As described above, the data security system and method using the public key / secret key based encryption method according to the present invention can be implemented more easily, particularly applicable to real time communication such as telephone communication, and can be easily applied to existing infrastructure. In addition, interception and eavesdropping by the provider of the communication service may be impossible.

Claims (4)

In the transmission data security system, It generates a secret key and a public key, and when a connection is made with the counterpart communication device, exchanges a public key with the counterpart communication device, encrypts the data to be transmitted through the public key of the counterpart communication device, and encrypts the received encrypted data. An encryption module for decrypting the generated secret key, Encapsulates the encrypted data in the encryption module and transmits the data to the counterpart communication device through an external network, and extracts only the encrypted data from the encapsulated encrypted data received from the counterpart communication device and provides the encrypted data to the encryption module. A data security system comprising a communication device having a circuit. The data security system of claim 1, wherein the secret key and the public key of the encryption module are randomly generated every time a communication channel is formed.
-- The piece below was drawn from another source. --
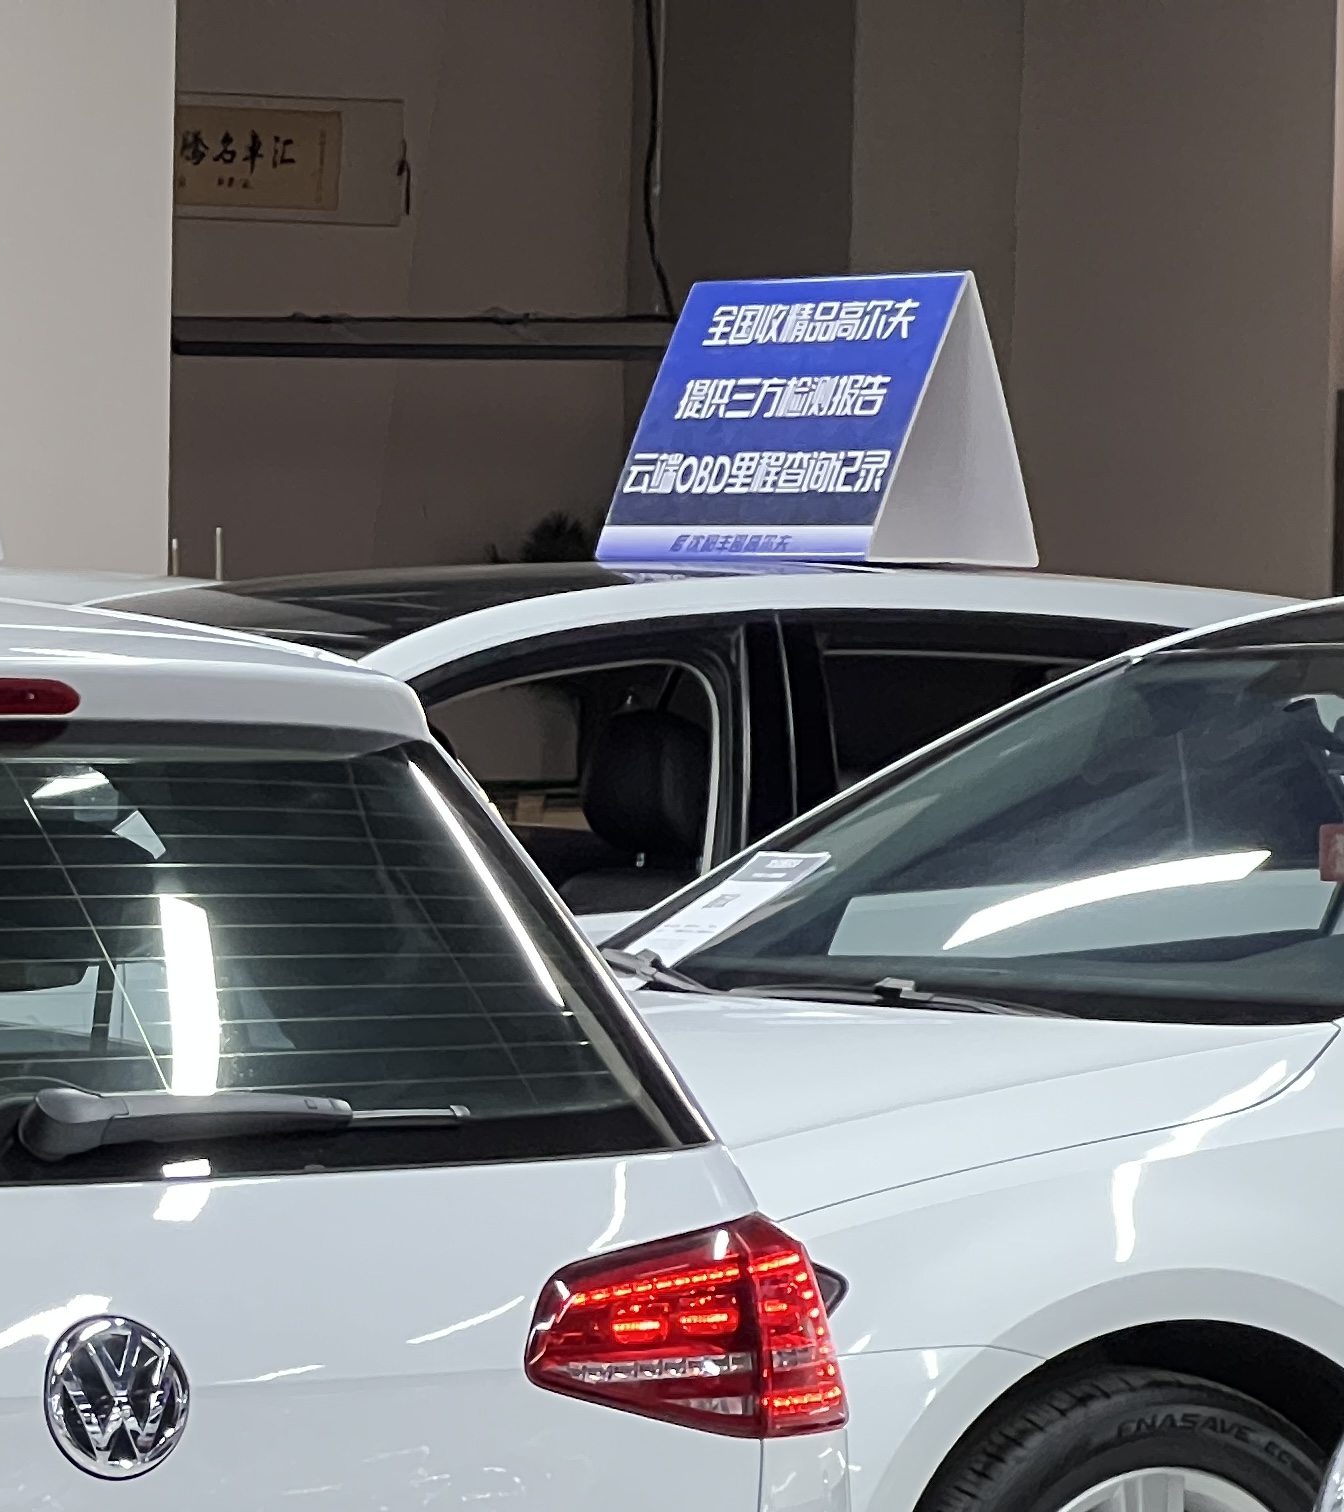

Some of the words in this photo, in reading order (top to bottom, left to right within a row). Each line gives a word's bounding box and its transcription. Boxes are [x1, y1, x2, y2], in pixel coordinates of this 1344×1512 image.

[701, 298, 920, 347] 全国收精品高尔夫
[674, 375, 891, 420] 提供三方检测报告
[623, 449, 892, 495] 云端OBD里程查询记录
In the transmission data security method, Generating a secret key and a public key at both ends of the communication device for data transmission and reception; Exchanging the generated public key between the communication devices; Encrypting and transmitting data transmitted between the communication devices using the public key of the exchanged party; And encrypting the encrypted data received between the communication devices using the generated private key. In the transmission data security method, Generating a secret key and a public key at both ends of the communication device for data transmission and reception; Exchanging the generated public key between the communication devices; Generating a data encryption key in each of the communication devices; Encrypting and transmitting the generated data encryption key between the communication devices using the public key of the exchanged counterpart; Encrypting and transmitting data transmitted between the communication devices using the generated data encryption key; The encrypted data received between the communication devices includes the step of decrypting the data encryption key of the exchanged counterpart.